Der Bund hat dem Beschwerdeführer Aufwendungen in der Höhe von S 12.770,-- binnen zwei Wochen bei sonstiger Exekution zu ersetzen.
Begründung
Der Beschwerdeführer steht als Oberoffizial i.R. in einem öffentlich-rechtlichen Dienstverhältnis zum Bund; seine letzte Dienststelle war das Bundesministerium für Gesundheit und Konsumentenschutz. Durch Bescheid der Aktiv-Dienstbehörde vom 28. März 1995 wurde der Beschwerdeführer, der als Ministerchauffeur eingesetzt war, mit Ablauf des 31. März 1995 wegen Dienstunfähigkeit in den Ruhestand versetzt.
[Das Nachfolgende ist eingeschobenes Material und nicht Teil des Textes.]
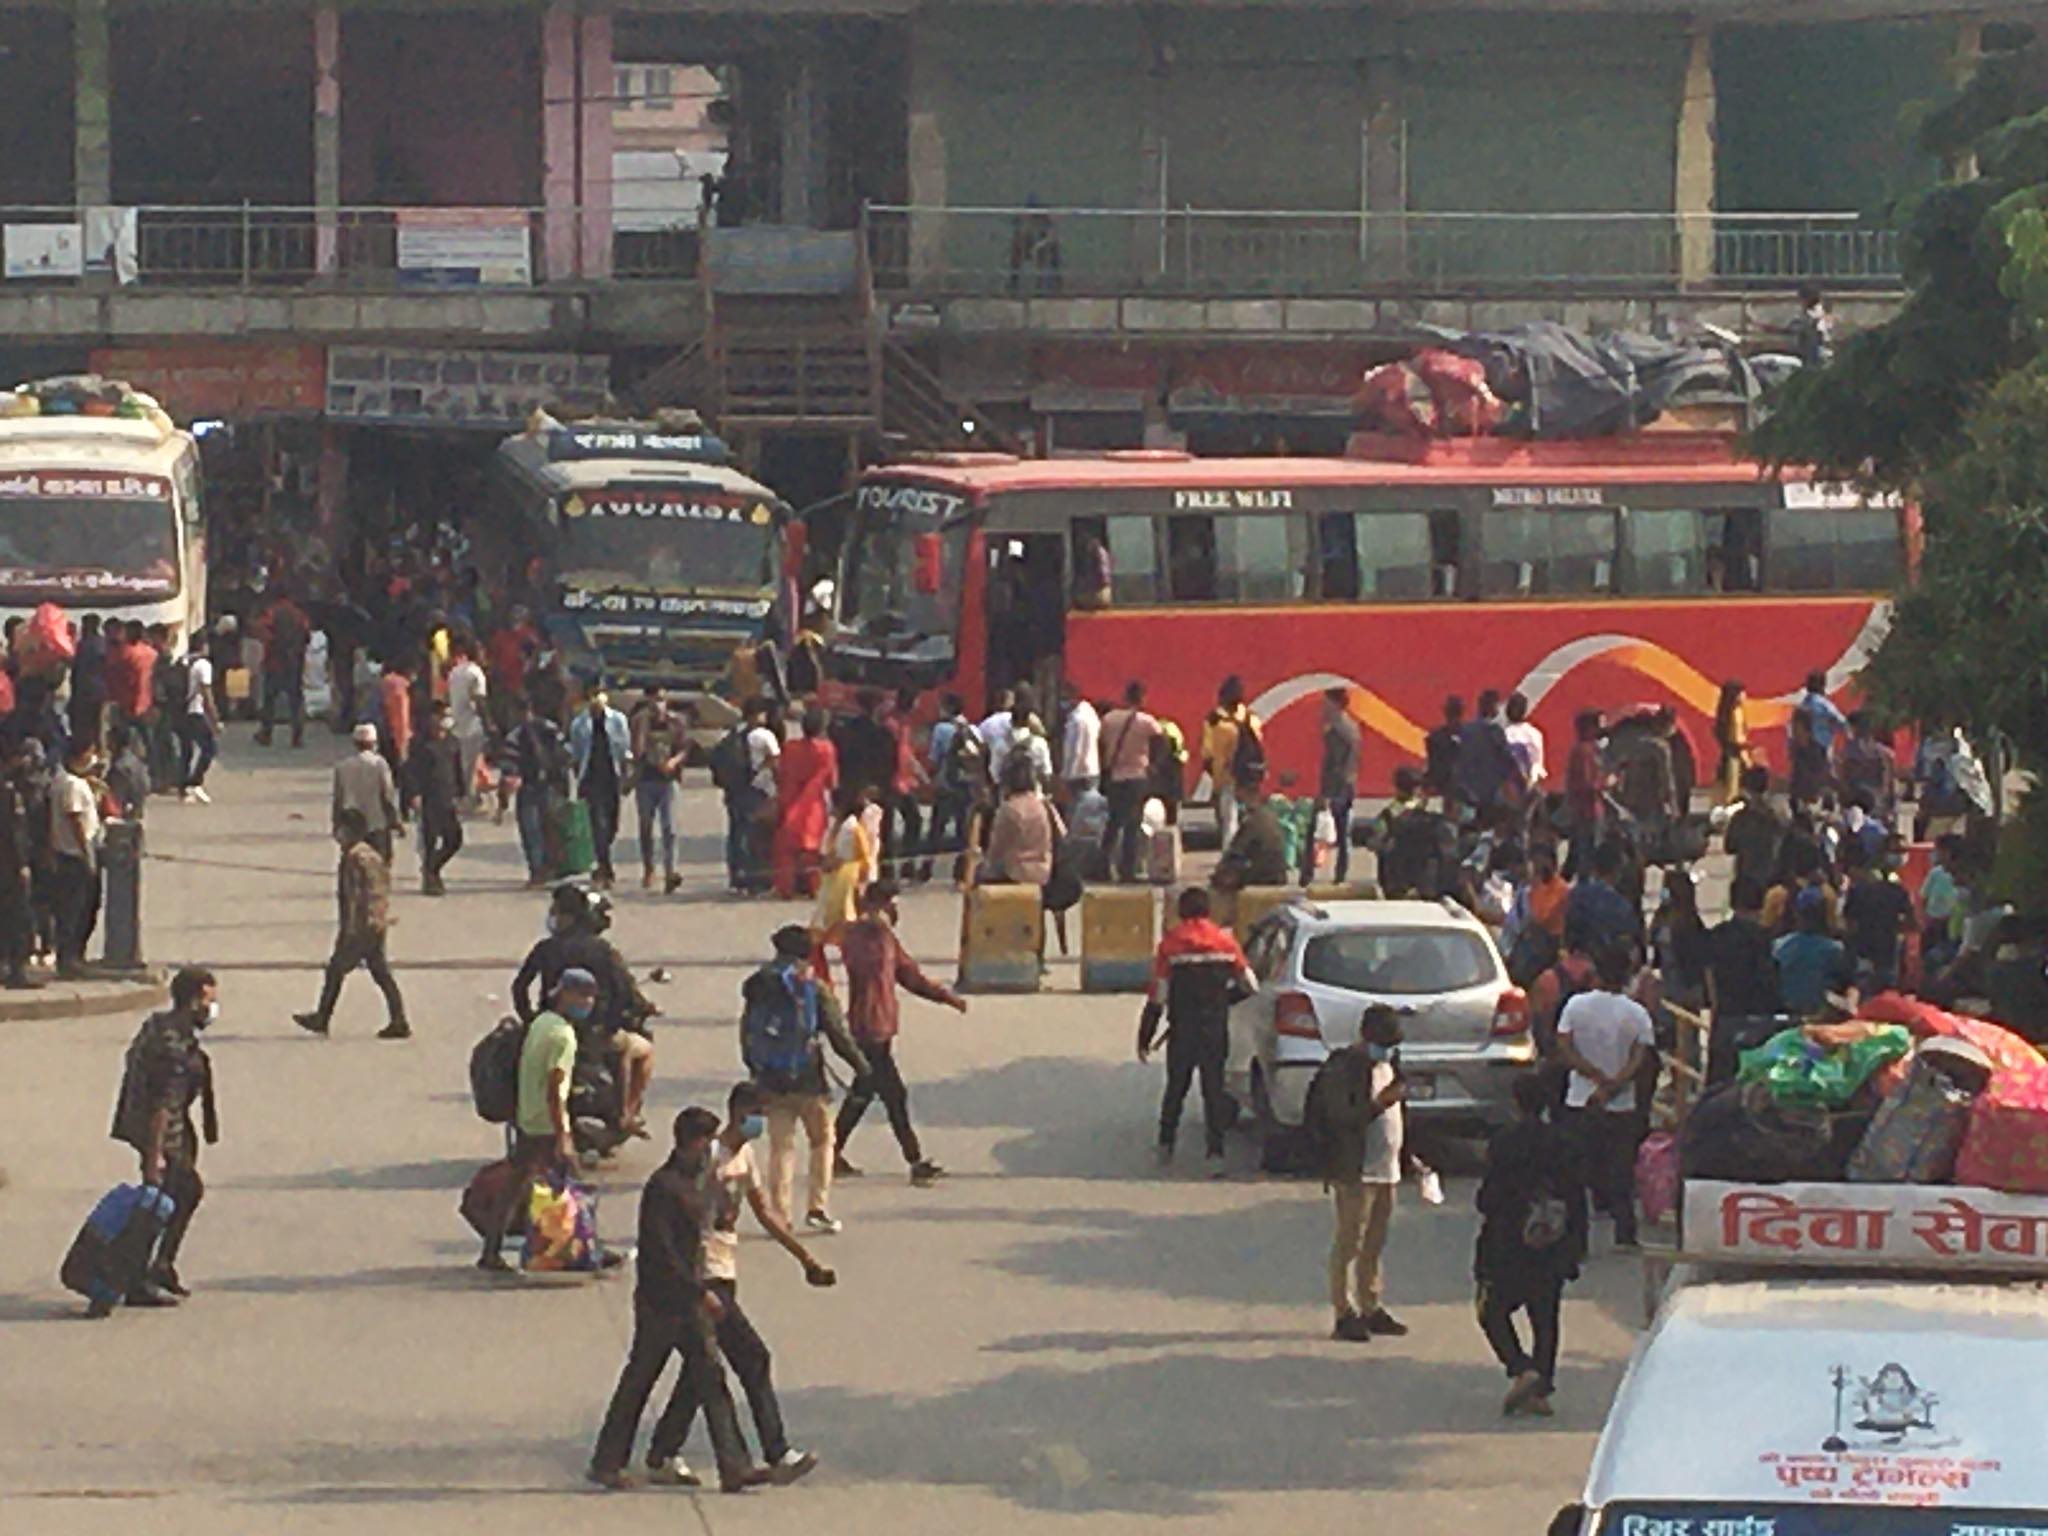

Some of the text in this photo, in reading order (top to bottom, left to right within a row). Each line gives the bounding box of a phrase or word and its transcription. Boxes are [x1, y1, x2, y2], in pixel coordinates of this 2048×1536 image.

[857, 486, 965, 518] TOURIST
[1175, 490, 1231, 508] FREE
[1719, 1191, 2048, 1255] दिवा सेव
Dieser Bescheid blieb unangefochten.
Erst nach seiner Ruhestandsversetzung gab der Beschwerdeführer formularmäßig die schriftliche Optionserklärung ins Funktionszulagenschema nach § 254 Abs. 1 BDG 1979 in der Fassung des Besoldungsreformgesetzes 1994, BGBl. Nr. 550, ab.
Als Reaktion darauf erhielt der Beschwerdeführer folgende Erledigung der Bundesministerin für Gesundheit und Konsumentenschutz vom 28. Juni 1995:
"Bescheid
Ihre Erklärung vom 22. Mai 1995 hat gemäß § 254 Abs. 1 und 7 in Verbindung mit § 244 Abs. 1 Z 1 des Beamten-Dienstrechtsgesetzes 1979 - BDG 1979, BGBl. Nr. 333, die Überleitung in die Besoldungsgruppe Allgemeiner Verwaltungsdienst mit Wirksamkeit vom 1. Jänner 1995 bewirkt.
Mitteilung
Unter Berücksichtigung Ihrer Verwendung und Ihrer besoldungsrechtlichen Stellung zum 1. Jänner 1995 lautet nunmehr Ihre besoldungsrechtliche Stellung zum genannten Termin:
Verwendungsgruppe A 3, Funktionsgruppe -,
Gehaltsstufe 15, Funktionsstufe -,
nächste Vorrückung: 1. Jänner 1997.
Die Verwendungsbezeichnungen und Amtstitel der Beamten sind in § 140 BDG 1979 geregelt.
Sie sind demnach berechtigt, den Amtstitel Fachinspektor (§ 140 Abs. 2 Z 3 lit. a) BDG 1979) zu führen.
Die Neubemessung des Ruhebezugs wird beim Bundesrechenamt
veranlaßt werden.
28. Juni 1995
Für die Bundesministerin
(Name)."
Vorher war dem Beschwerdeführer mit Bescheid des Bundesrechenamtes vom 13. April 1995 sein Ruhegenuß ausgehend von der Einstufung vor der Überleitung (Option) ins Funktionszulagenschema bemessen worden.
Die Bundesministerin für Gesundheit und Konsumentenschutz ersuchte daraufhin das Bundesrechenamt mit Schreiben vom 18. Juli 1995 um Neubemessung des Ruhegenusses im Hinblick auf die Überleitung des Beschwerdeführers in das Funktionszulagenschema.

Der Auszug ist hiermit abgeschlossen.